To assess plant immune responses, Arabidopsis leaves were treated with flg22 (1 μM; BioBasic) by syringe-infiltration. For BTH protection assay, Arabidopsis leaves were syringe-infiltrated with BTH (50 μM; Millipore-Sigma).

RNA extraction and real-time quantitative PCR

RNA was extracted from frozen and ground leaf tissue using QIAZOL (QIAGEN) reagents, followed by on-column DNase treatment (QIAGEN), according to the manufacturer’s protocol. RNA purity was assessed with a spectrophotometer and quality by gel electrophoresis. cDNA was generated by using MMuLV-RT (Service de purification des protéines—Université de Sherbrooke).

Quantitative real-time PCR was performed with a Bio-Rad CFX96 machine. Each reaction contained 1X SYBR mix (Service de purification des protéines—Université de Sherbrooke), specific primers and a 1:20 dilution of 500 ng of cDNA stock. Amplification cycle protocols were as follow: 2 min at 95 °C; 40 cycles of 6 s at 95 °C and 30 s at 60 °C. Melting curves were verified at the end of 40 cycles for confirmation of primer specificities. All reactions were repeated in three technical and biological replicates. Average Cq values were normalized by ∆∆CT formula against ACTIN2 expression. Oligos used in this study can be found in Supplementary Table 1. Experiments were repeated at least three times and values from replicates are tabulated in the Source Data File.

Apoplast extraction

Three fully expanded leaves per plant from three plants were excised and apoplast extracted as previously described56, with some modifications. Briefly, the initial weight of freshly excised leaves was measured before being infiltrated with distilled water and weighed again once leaves were fully saturated with water. Leaves were centrifuged at 4000 rcf in 2 ml microcentrifugation tubes containing glass beads at the bottom to prevent tissue collapse during the centrifugation. Leaves were weighed post centrifugation and apoplast hydration determined as previously described56. Experiments were repeated at least three times and values from replicates are tabulated in the Source Data File.

Salicylic acid extraction and quantification

Fully expanded 4-week-old Arabidopsis leaves were harvested and weighed for fresh weight calculation and immediately flash-freeze in liquid nitrogen. Tissues were ground with a plastic pestle and phytohormones were extracted overnight using 0.5–1 ml of ice-cold extraction buffer (methanol: water [80:20 v/v], 0.1% formic acid, 0.1 g/l butylated hydroxytoluene and 100 nM ABA-d6 as an internal standard). Extracts were filtered using centrifugal filter units.

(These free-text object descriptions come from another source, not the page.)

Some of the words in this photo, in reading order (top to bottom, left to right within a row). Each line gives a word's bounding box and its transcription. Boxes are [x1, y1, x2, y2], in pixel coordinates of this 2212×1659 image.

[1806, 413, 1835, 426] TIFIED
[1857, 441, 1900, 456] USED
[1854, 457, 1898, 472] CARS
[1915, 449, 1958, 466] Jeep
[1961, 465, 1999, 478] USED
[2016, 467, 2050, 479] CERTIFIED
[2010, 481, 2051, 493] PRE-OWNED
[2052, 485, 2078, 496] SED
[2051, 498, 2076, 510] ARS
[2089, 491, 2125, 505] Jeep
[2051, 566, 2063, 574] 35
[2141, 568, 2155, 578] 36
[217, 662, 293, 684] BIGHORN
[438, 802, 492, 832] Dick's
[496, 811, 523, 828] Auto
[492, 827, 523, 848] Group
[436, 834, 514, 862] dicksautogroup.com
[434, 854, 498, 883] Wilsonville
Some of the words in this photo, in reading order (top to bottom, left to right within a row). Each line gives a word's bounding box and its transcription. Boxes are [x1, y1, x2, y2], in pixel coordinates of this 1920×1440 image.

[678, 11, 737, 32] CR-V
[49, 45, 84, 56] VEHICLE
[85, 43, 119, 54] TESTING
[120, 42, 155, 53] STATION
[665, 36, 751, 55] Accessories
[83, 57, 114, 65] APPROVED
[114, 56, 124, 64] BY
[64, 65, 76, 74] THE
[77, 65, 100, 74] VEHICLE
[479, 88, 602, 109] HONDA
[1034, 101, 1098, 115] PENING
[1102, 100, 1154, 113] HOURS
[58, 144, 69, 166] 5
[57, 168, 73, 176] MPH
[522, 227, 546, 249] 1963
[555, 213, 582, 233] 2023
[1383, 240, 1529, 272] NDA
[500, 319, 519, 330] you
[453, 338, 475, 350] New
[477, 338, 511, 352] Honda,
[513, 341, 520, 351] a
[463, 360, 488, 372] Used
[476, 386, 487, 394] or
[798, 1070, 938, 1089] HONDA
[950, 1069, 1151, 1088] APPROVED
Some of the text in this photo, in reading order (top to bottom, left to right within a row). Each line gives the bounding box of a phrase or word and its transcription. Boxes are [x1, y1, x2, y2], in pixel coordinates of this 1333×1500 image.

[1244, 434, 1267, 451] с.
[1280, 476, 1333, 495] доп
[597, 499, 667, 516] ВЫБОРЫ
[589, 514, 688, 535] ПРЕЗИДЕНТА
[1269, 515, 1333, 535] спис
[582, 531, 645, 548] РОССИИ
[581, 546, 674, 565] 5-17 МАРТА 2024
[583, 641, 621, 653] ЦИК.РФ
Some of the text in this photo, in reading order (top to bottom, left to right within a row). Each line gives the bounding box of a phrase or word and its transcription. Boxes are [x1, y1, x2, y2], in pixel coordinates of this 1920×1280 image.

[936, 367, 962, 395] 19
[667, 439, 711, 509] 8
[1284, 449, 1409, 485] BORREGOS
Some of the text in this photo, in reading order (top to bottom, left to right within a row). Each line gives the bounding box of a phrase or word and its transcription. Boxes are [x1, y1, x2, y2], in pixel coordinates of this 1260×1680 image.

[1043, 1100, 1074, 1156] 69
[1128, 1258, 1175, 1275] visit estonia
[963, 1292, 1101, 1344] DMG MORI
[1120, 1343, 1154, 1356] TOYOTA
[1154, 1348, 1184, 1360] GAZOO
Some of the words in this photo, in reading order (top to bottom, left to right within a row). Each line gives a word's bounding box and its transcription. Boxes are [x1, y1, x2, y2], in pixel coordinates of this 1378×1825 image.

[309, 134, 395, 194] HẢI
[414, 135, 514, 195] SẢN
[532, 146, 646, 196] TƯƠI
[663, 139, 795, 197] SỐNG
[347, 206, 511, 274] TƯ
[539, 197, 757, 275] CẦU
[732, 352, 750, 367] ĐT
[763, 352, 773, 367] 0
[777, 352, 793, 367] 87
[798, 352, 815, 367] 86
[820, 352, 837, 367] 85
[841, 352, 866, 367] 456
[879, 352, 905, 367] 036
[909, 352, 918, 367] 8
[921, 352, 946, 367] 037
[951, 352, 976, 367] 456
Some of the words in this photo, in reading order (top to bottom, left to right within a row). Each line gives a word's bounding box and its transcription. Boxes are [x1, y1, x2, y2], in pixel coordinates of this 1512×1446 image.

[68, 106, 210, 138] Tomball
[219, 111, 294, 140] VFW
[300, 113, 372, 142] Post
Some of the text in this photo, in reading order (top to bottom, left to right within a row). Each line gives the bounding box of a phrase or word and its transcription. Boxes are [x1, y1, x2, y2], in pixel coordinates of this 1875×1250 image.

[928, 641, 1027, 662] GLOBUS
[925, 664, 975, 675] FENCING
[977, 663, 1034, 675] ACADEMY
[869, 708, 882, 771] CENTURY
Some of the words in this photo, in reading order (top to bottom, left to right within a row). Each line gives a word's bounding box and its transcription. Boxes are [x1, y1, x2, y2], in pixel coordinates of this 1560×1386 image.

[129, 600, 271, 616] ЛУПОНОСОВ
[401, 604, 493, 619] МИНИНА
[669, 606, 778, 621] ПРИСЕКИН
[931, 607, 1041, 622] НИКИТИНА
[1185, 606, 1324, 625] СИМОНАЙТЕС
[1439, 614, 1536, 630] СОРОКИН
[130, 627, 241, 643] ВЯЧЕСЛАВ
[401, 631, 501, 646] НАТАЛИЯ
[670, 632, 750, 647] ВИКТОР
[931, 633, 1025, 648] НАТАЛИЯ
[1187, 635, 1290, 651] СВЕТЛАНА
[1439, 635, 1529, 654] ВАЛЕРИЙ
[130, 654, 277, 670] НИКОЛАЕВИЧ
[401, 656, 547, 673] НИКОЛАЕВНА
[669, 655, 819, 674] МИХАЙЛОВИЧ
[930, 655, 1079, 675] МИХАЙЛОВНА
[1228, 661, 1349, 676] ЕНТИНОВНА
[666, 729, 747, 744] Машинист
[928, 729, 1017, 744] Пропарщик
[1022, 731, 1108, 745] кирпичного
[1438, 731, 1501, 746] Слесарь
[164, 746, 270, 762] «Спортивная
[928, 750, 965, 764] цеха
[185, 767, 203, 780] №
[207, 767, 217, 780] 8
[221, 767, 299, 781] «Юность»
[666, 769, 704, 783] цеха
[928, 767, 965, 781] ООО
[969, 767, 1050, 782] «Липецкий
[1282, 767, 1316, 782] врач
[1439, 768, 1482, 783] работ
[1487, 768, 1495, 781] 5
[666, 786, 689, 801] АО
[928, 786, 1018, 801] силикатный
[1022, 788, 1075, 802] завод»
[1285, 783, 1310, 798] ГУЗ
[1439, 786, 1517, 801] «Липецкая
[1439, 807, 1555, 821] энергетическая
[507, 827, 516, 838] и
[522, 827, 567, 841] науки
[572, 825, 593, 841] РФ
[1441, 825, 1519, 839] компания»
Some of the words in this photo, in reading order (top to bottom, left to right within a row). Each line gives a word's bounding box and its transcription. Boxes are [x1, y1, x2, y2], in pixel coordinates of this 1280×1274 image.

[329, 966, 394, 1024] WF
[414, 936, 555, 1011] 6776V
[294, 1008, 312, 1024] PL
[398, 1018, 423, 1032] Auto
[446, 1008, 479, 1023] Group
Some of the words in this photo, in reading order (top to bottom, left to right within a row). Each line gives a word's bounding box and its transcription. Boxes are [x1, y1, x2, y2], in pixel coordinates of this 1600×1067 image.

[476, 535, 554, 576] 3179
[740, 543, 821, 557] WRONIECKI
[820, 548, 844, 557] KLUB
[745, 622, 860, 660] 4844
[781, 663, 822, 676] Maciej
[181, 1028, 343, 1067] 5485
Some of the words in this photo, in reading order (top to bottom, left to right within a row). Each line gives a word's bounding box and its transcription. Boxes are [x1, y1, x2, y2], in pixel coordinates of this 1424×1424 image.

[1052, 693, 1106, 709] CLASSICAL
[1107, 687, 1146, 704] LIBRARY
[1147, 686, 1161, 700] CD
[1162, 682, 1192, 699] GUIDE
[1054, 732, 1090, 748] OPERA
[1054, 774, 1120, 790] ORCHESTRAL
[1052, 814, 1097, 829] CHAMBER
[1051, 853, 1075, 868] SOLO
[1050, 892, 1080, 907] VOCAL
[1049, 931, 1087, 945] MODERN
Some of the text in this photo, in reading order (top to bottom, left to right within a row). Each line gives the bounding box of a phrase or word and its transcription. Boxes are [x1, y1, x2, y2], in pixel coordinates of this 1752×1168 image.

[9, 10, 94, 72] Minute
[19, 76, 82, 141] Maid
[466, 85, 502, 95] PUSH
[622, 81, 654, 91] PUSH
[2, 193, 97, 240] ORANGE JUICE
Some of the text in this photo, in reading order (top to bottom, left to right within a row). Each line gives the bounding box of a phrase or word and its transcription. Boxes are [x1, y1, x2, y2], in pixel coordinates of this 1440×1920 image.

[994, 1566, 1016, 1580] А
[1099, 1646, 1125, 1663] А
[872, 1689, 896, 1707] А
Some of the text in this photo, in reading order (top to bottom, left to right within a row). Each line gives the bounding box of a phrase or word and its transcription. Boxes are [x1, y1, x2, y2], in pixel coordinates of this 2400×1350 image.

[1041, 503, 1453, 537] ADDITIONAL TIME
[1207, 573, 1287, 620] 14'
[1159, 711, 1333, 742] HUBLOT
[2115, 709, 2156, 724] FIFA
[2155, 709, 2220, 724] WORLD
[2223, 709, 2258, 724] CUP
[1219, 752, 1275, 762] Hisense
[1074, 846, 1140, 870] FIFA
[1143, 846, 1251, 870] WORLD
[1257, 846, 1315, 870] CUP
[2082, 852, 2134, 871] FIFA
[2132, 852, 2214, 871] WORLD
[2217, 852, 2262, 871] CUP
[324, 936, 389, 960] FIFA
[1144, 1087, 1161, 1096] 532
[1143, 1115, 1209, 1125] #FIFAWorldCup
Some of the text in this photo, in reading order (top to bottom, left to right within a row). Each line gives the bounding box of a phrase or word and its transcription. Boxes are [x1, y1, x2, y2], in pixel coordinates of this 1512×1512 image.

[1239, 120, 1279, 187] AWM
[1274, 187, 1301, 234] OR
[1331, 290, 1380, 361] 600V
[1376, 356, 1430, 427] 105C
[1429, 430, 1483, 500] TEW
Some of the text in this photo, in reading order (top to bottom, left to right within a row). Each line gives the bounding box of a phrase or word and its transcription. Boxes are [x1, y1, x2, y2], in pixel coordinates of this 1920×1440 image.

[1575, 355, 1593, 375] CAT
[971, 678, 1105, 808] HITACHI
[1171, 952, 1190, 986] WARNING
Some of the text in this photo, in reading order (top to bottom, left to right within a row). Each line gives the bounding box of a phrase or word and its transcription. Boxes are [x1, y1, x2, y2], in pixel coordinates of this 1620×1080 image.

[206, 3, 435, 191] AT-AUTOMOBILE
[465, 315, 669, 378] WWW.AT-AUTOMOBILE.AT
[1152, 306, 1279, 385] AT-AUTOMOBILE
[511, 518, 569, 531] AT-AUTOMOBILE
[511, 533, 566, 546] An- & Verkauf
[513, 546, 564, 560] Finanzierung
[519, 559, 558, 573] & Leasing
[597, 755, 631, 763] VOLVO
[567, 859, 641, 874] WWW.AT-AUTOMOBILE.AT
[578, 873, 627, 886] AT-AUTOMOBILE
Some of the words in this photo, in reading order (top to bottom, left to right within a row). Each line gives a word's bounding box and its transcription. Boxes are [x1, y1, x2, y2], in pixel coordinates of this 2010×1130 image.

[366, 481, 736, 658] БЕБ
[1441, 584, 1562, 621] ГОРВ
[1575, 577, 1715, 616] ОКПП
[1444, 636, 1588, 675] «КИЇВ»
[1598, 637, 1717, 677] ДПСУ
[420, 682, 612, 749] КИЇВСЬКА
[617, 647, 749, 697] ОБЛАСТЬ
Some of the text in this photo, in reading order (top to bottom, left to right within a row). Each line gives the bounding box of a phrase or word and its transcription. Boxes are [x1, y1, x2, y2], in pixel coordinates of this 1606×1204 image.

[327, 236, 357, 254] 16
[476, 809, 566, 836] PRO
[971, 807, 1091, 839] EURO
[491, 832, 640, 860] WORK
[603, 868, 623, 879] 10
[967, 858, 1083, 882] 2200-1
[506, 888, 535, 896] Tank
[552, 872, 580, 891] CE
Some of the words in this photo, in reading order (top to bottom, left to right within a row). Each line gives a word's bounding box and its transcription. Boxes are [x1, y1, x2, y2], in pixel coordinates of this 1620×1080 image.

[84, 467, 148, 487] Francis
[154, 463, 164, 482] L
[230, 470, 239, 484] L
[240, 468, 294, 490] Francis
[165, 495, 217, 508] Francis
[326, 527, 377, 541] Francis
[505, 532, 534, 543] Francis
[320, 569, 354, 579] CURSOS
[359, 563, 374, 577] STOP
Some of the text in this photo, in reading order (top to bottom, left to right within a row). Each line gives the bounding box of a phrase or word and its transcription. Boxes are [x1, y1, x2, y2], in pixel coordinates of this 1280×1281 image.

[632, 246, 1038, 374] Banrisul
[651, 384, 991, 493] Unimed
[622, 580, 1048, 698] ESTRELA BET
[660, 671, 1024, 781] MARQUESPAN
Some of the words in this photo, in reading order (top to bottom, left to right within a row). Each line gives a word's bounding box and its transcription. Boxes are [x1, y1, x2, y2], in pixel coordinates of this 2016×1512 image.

Filtered extracts were quantified using an Acquity Ultra Performance Liquid Chromatography system (Waters Corporation, Milford, MA) as described previously10. SA was quantified based on a standard curve to calculate sample concentration (nM), which was converted to ng using the molecular weight of each specific compound and the extraction volume used. All data was normalized to initial fresh weight in grams. Experiments were repeated three times and values from replicates are tabulated in the Source Data File.

Statistical analysis

Statistical analyses were performed in GraphPad Prism 8.0 for all RT-qPCR experiments, photon counts, and SA quantification. For all other experiments (bacterial counts and stomatal assays), the bioinformatic software R was used. p values greater than 0.05 were considered non-significant. Sample sizes, statistical tests used, and p values are stated in figure legends. All statistical test assumptions such as normality and homoskedasticity were tested. When not respected, non-parametric equivalent tests were performed. In multiple comparison tests, Bonferroni corrections were used. Data points represented in stomatal aperture measurement figures originated from at least three leaves from three different plants.

Reporting summary

Further information on research design is available in the Nature Portfolio Reporting Summary linked to this article.